Chief Executive Officer Philip Clarke could extend Tesco’s sale-and-leaseback transactions to as much as 7 billion pounds in the next five years, Black estimates. Clarke, who took the helm at the Cheshunt, England-based retailer in March, needs to revive sales growth in the U.K., where a slowing grocery market has led to a 9.5 percent drop in the shares over the past year.
A spokesman for the retailer declined to comment. He asked not to be identified, citing company policy.
Tesco, the world’s fourth-biggest retailer, has been selling and leasing back its outlets since 2004. The proceeds have helped fund its global growth ambitions, including new shopping malls in China.
The retailer has outlets in 13 countries outside the U.K. including Ireland, the U.S., Czech Republic, Hungary, Poland, Slovakia, Turkey, China, Thailand, Malaysia, India, South Korea and Japan. It is opening 8.5 million square feet of new space this year as well as nine shopping malls in China.
Tesco valued its property assets at 34.6 billion pounds, according to last year’s annual report. That compares with the retailer’s market value of 32.7 billion pounds.
The retailer is due to report annual earnings on April 19. Net income climbed to 2.64 billion pounds in fiscal 2011, from 2.33 billion pounds a year earlier, according to the median estimate of 17 analysts compiled by Bloomberg.
“Philip Clarke is likely to sound a more cautious note on the U.K. outlook, but also to highlight the strong international opportunities,” James Grzinic, an analyst at Jefferies International Ltd. in London, wrote in a note.
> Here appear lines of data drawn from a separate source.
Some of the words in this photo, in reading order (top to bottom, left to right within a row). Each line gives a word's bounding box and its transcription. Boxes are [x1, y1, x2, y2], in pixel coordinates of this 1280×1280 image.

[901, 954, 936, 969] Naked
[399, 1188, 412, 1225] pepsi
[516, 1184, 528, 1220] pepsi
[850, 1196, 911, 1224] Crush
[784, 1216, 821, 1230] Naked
Tesco in January reported revenue growth that lagged behind competitors as customers bought fewer non-food items such as electronics. Sales at U.K. stores open at least a year rose 0.6 percent, including value-added taxes and excluding gasoline, in the six weeks ended Jan. 8, less than J Sainsbury Plc’s 3.6 percent. Non-food revenue declined 1.5 percent.
Tesco needs to refocus on the non-food business by offering a wider range of prices on products such as electronics, increasing the fashionability of its clothing and becoming less driven by price, according to Panmure Gordon’s Philip Dorgan.
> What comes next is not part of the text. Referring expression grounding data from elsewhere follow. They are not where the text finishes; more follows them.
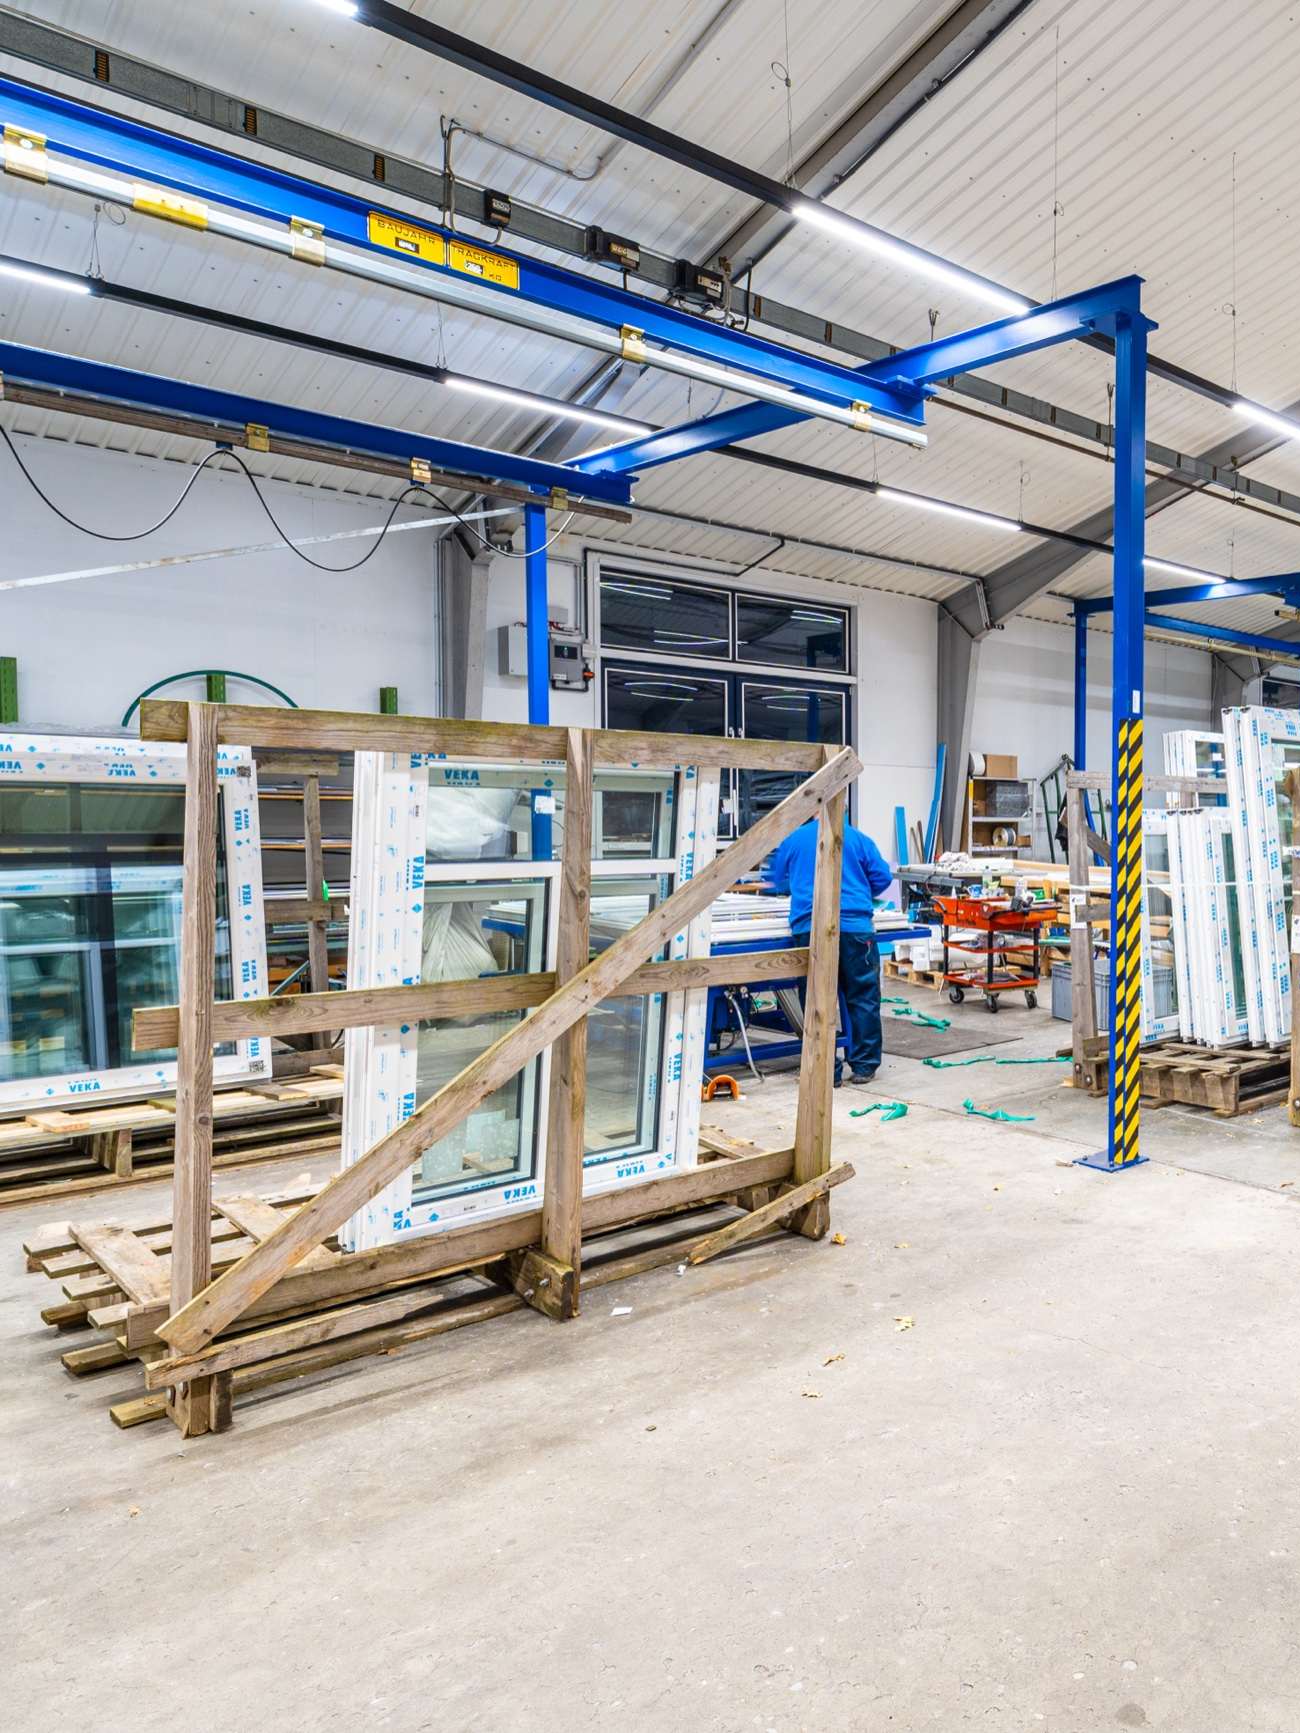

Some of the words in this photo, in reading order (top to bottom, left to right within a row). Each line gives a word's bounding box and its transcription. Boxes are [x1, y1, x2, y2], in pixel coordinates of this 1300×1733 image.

[377, 219, 436, 245] BAUJAHR
[444, 768, 481, 781] VEKA
[234, 810, 243, 832] VEKA
[412, 856, 425, 890] VEKA
[242, 884, 252, 906] VEKA
[242, 961, 250, 983] VEKA
[673, 1051, 682, 1081] VEKA
[69, 1081, 101, 1093] VEKA
[402, 1092, 415, 1121] EKA
[617, 1164, 646, 1178] VEKA
[503, 1184, 536, 1200] VEKA
“Non-food has range issues and is too far down-market,” Dorgan said. “We don’t think that Tesco needs to invest significantly in margin, but it does need to improve its non- food offer and its dialogue with its customers.” He has a “buy” recommendation on the shares.
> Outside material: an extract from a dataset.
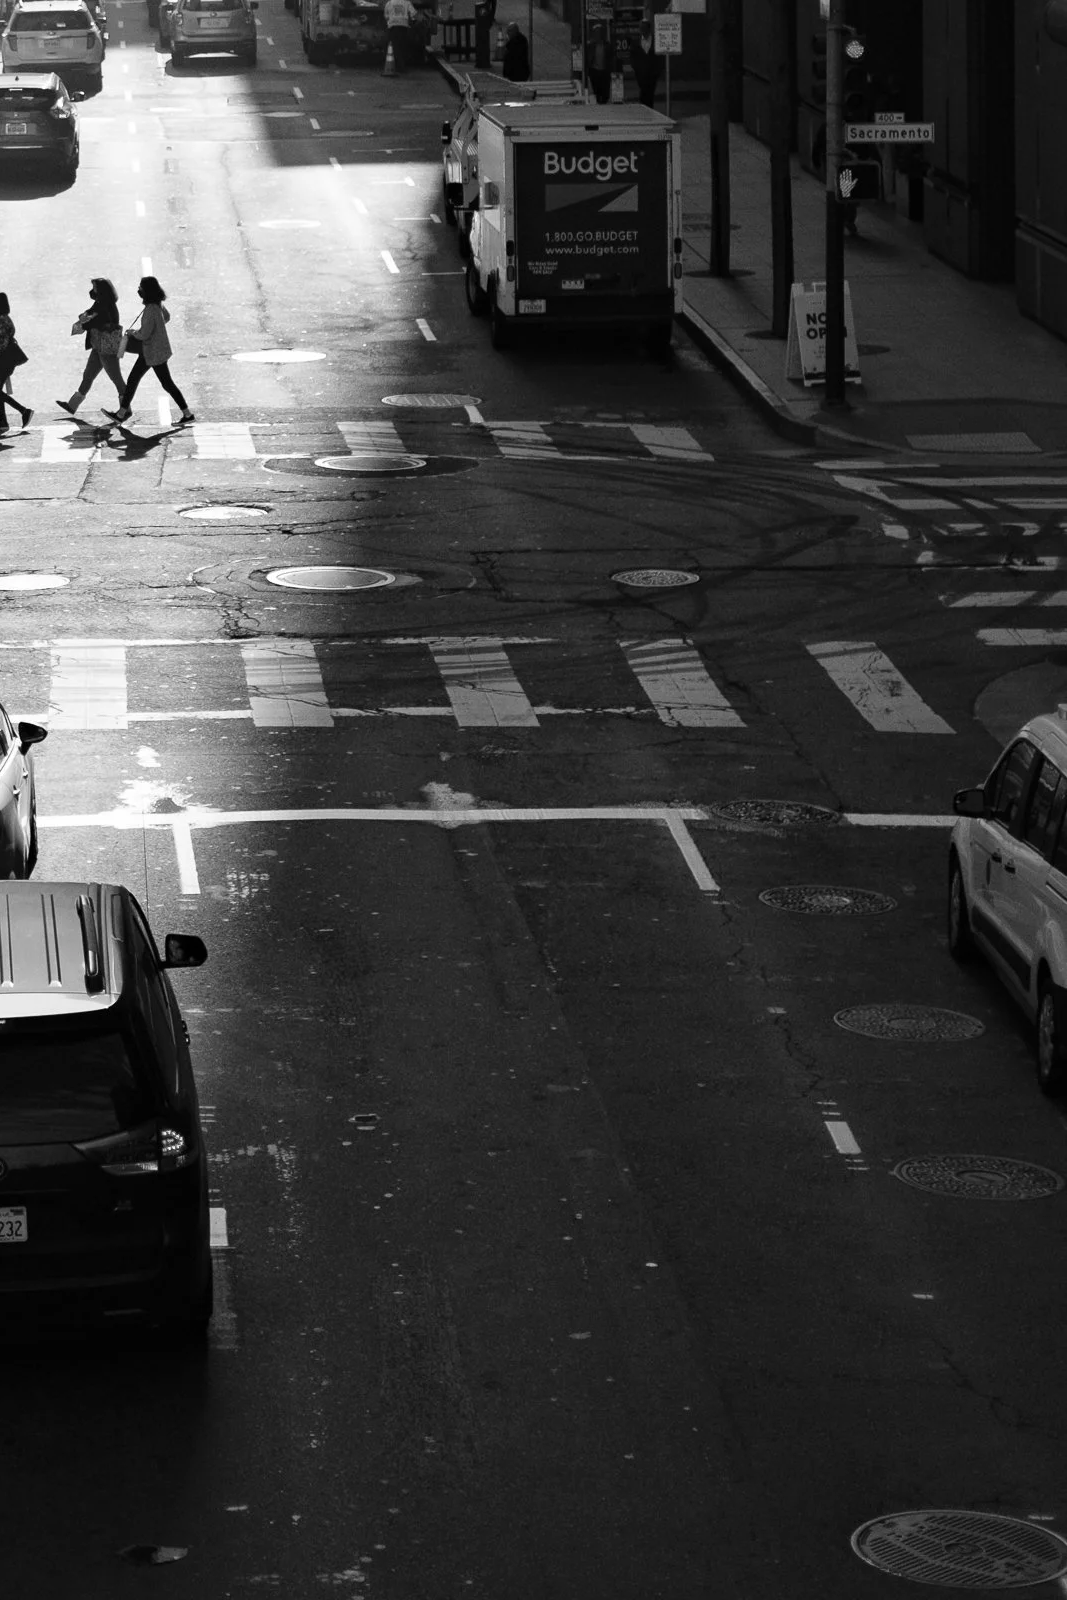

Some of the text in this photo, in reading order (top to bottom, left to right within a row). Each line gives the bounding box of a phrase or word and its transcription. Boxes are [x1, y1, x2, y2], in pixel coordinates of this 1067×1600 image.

[850, 127, 930, 139] Sacramento
[544, 151, 639, 181] Budget
[544, 230, 639, 242] 1.800.GO.BUDGET
[545, 244, 639, 257] www.budget.com
Clarke has appointed Per Bank as the new U.K. commercial director of non-food and extended the members on the executive committee to tackle the growing size and scope of the business.
“Tesco’s new CEO is likely to have a busy agenda,” Justin Scarborough, an analyst at Royal Bank of Scotland, the company’s broker adviser, said in a report. “How the company plans to balance maturity in some parts of its business with growth opportunities elsewhere, how this is financed and how it can increase returns should be the headline areas of focus.”